Strong sales performance of drugs like Rinvoq, Skyrizi, Venclexta and Vraylar, coupled with significant contributions from newer drugs like Ubrelvy, Elahere, Epkinly and Qulipta, should keep driving the company’s top line in 2025.

However, AbbVie is witnessing declining sales of Juvederm fillers in the United States and China due to challenging market conditions, which might be a headwind in 2025.  AbbVie also faces other headwinds, such as Humira biosimilar erosion, increasing competitive pressure on cancer drug Imbruvica and regular pipeline setbacks.

Nonetheless, boosted by its new product launches, AbbVie expects to return to robust mid-single-digit revenue growth in 2025 with a high single-digit CAGR through 2029, as it has no significant LOE event for the rest of this decade. A substantial portion of this growth is expected to be driven by the robust performance of Skyrizi and Rinvoq.

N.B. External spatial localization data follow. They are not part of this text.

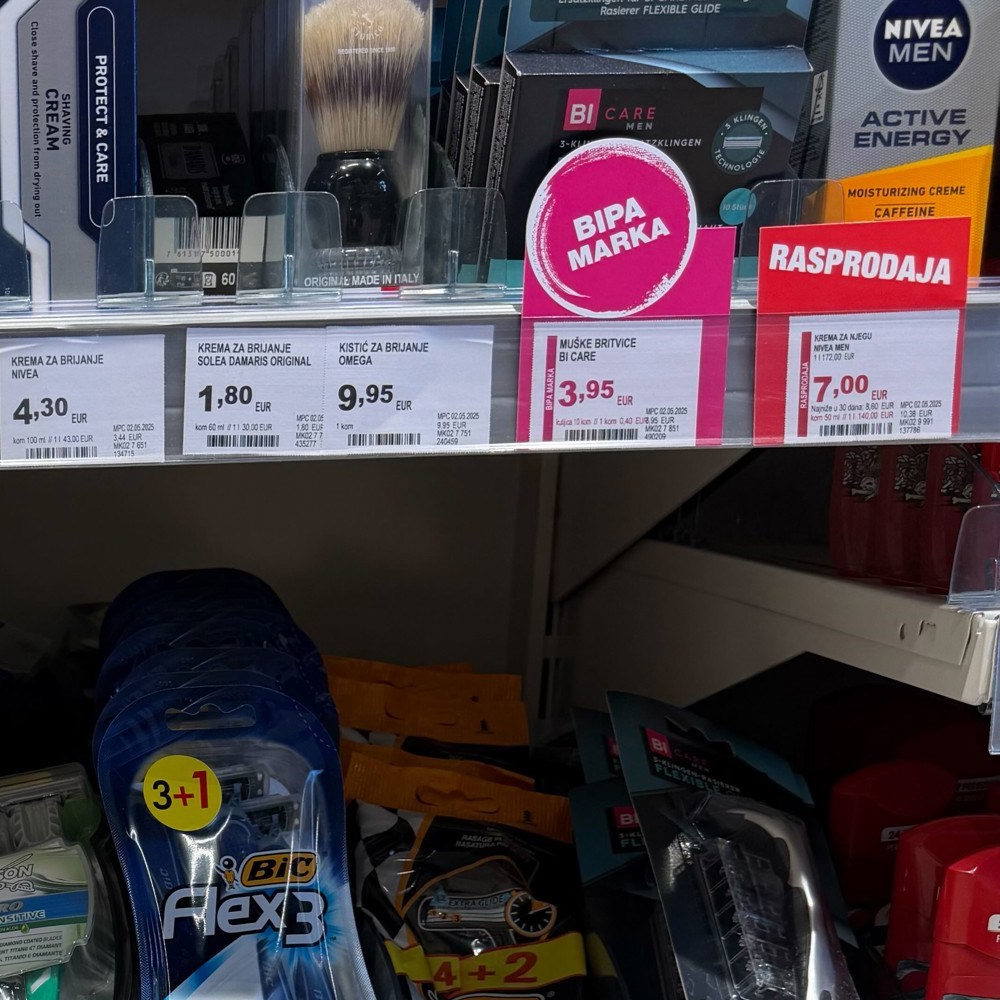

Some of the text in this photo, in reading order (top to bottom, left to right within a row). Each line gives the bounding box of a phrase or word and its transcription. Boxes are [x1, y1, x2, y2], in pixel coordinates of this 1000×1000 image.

[600, 3, 721, 16] Rasierer FLEXIBLE GLIDE
[884, 17, 963, 40] NIVEA
[31, 49, 39, 77] shave
[888, 42, 953, 63] MEN
[32, 99, 40, 145] protection
[45, 88, 59, 151] CREAM
[61, 93, 71, 145] SHAVING
[95, 55, 108, 183] PROTECT & CARE
[569, 103, 656, 125] BI CARE
[859, 109, 967, 128] ACTIVE
[626, 122, 653, 131] MEN
[854, 129, 971, 149] ENERGY
[714, 149, 766, 172] TECHNOLOGIE
[32, 172, 42, 203] drying
[847, 185, 966, 198] MOISTURIZING CREME
[573, 196, 647, 242] BIPA
[874, 206, 935, 218] CAFFEINE
[567, 216, 671, 272] MARKA
[768, 243, 952, 286] RASPRODAJA
[221, 273, 236, 286] 60
[304, 273, 420, 287] ORIGINAL MADE IN ITALY
[339, 340, 429, 353] KISTIĆ ZA BRIJANJE
[560, 336, 637, 349] MUŠKE BRITVICE
[814, 332, 872, 342] KREMA ZA NJEGU
[814, 343, 850, 352] NIVEA MEN
[12, 354, 104, 366] KREMA ZA BRIJANJE
[197, 356, 311, 366] SOLEA DAMARIS ORIGINAL
[339, 355, 372, 366] OMEGA
[12, 369, 39, 379] NIVEA
[198, 385, 253, 412] 1,80
[338, 384, 412, 411] 9,95 EUR
[558, 380, 614, 407] 3,95
[813, 374, 869, 403] 7,00
[13, 398, 68, 425] 4,30
[152, 770, 209, 811] 3+1

AbbVie has several early/mid-stage pipeline candidates with blockbuster potential. The company anticipates several regulatory submissions, approvals, and key data readouts within the next 12 months. It has been on an acquisition spree in the past couple of years, which is strengthening its pipeline.

AbbVie has a Zacks Rank #3 at present.

The stock has risen 17.7% year to date. The Zacks Consensus Estimate for 2025 earnings has risen from $12.28 to $12.30 per share over the past 30 days.

Price and Consensus: ABBV

 

Novartis: With the separation of Sandoz, Novartis has become a pure-play pharmaceutical company.  Novartis has a strong oncology portfolio. Its new oncology drugs, such as Pluvicto, Scemblix, and Kisqali , put up a stellar performance in 2024. Other drugs, such as Cosentyx, Entresto, and Kesimpta, as well as newer drugs like Leqvio and Fabhlata, are expected to contribute significantly to the top line in the coming years.  Backed by strong momentum across all key drugs, the solid top-line performance is expected to continue in 2025.

Novartis is also looking to solidify its presence in the promising gene therapy space.  The recent spate of acquisitions and collaborations has strengthened its pipeline.

Novartis has a Zacks Rank #3 at present. The Zacks Consensus Estimate for this Swiss drugmaker’s 2025 EPS has risen from $8.45 to $8.47 over the past 60 days. The stock has risen 14.1% so far this year.